Annotated photo localization data:
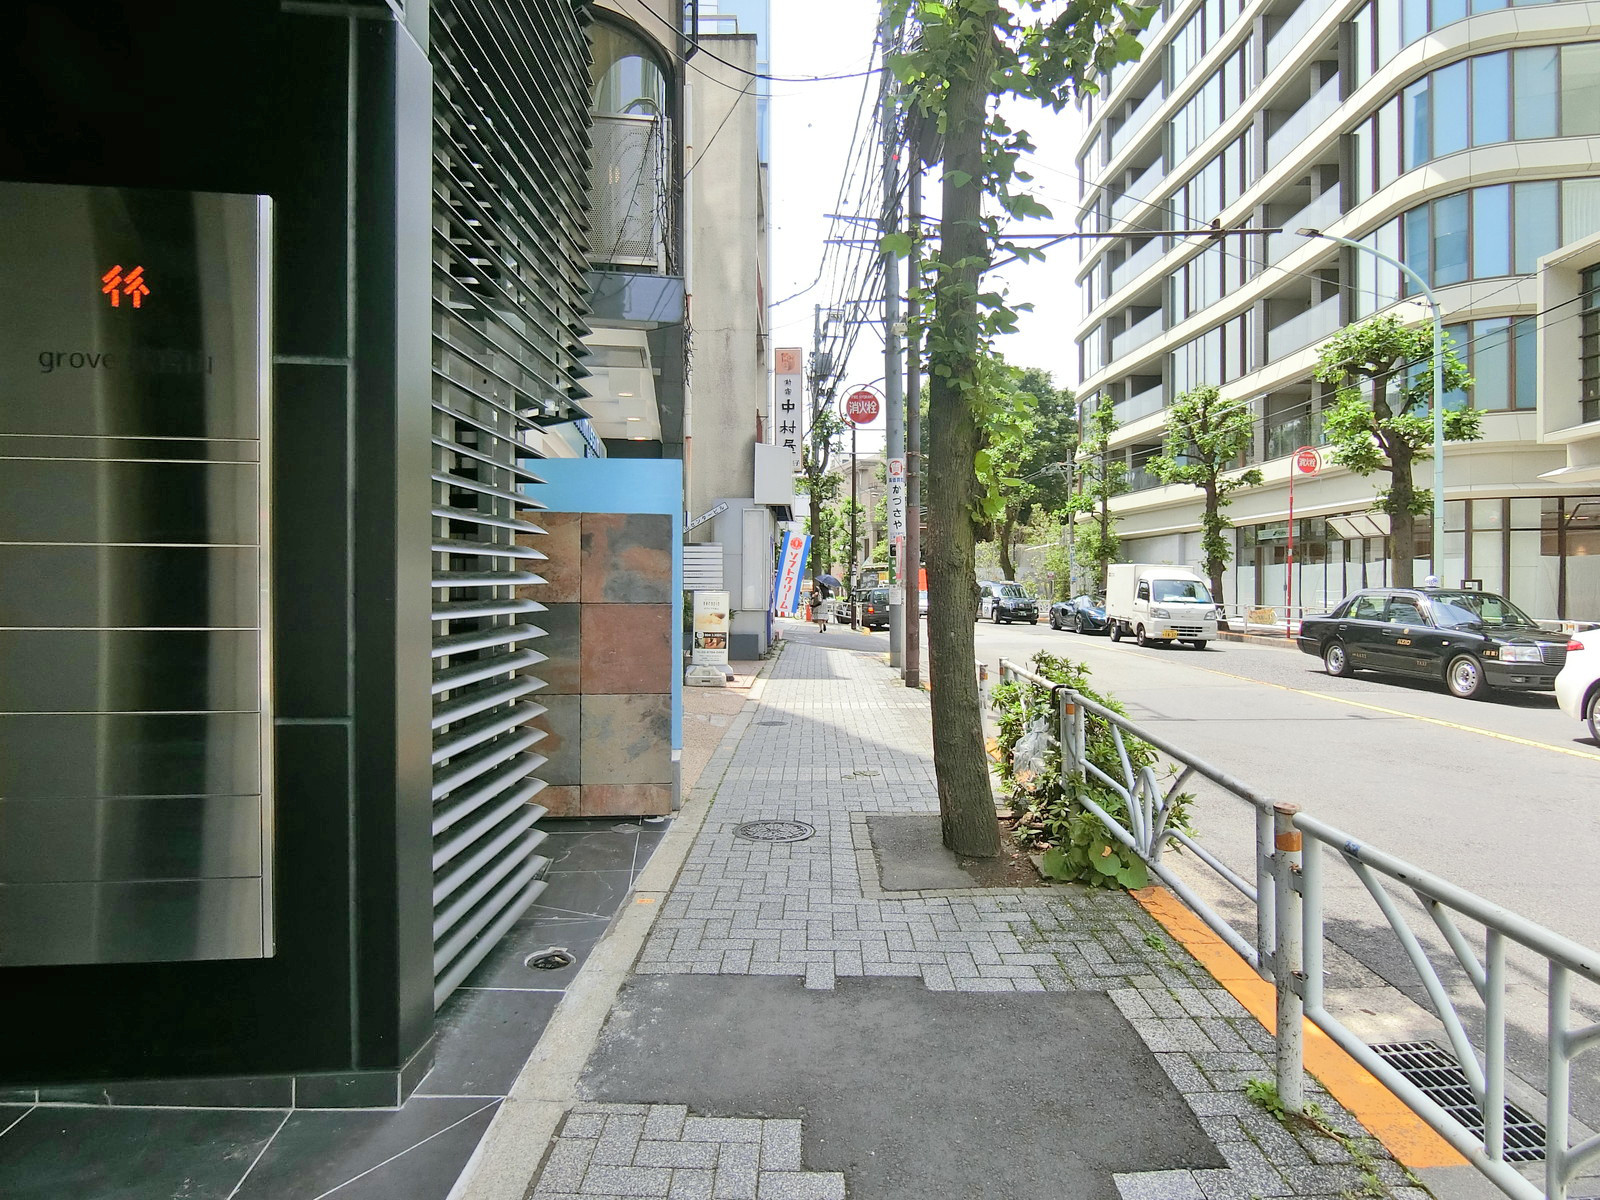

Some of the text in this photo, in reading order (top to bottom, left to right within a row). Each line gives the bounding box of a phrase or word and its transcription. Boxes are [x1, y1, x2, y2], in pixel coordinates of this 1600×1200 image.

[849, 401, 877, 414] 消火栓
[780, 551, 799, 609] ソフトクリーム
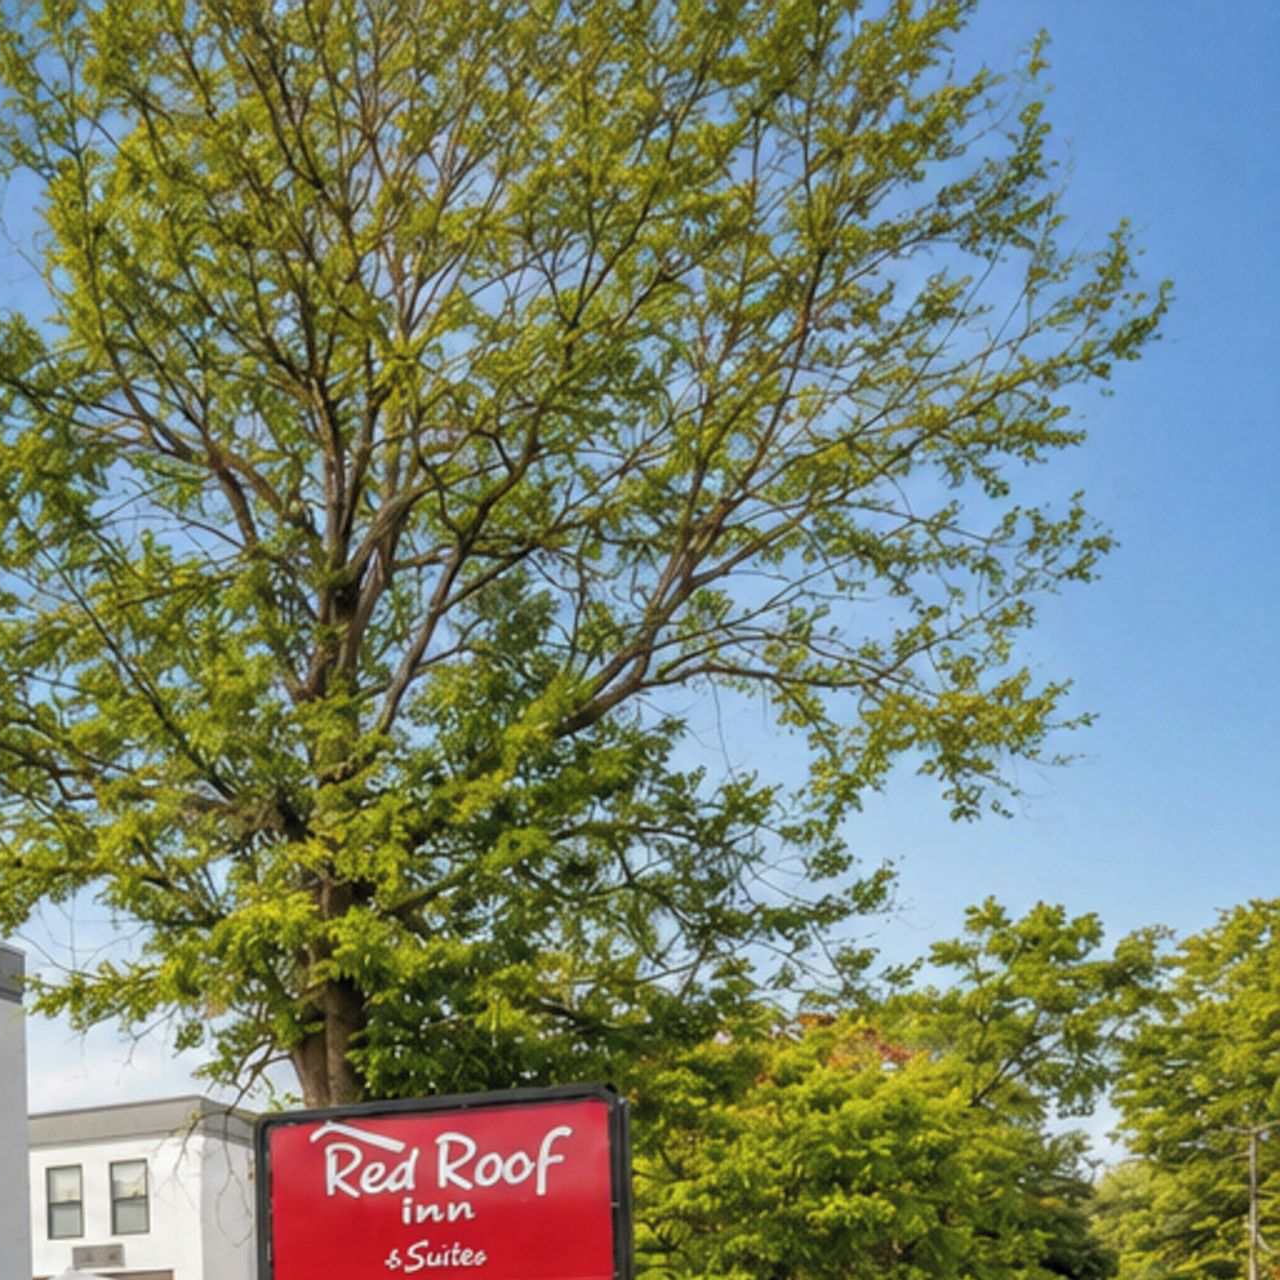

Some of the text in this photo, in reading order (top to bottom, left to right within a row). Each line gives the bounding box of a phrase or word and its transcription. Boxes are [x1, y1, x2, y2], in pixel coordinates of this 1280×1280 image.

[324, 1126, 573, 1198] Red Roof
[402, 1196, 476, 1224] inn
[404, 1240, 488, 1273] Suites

- Task description -
Output all the entries above verbatim, please. No images.

- Problem solution -
Some of the text in this photo, in reading order (top to bottom, left to right within a row). Each line gives the bounding box of a phrase or word and its transcription. Boxes are [x1, y1, x2, y2], in pixel coordinates of this 1600×1200 image.

[849, 401, 877, 414] 消火栓
[780, 551, 799, 609] ソフトクリーム

Some of the text in this photo, in reading order (top to bottom, left to right within a row). Each line gives the bounding box of a phrase or word and its transcription. Boxes are [x1, y1, x2, y2], in pixel coordinates of this 1280×1280 image.

[324, 1126, 573, 1198] Red Roof
[402, 1196, 476, 1224] inn
[404, 1240, 488, 1273] Suites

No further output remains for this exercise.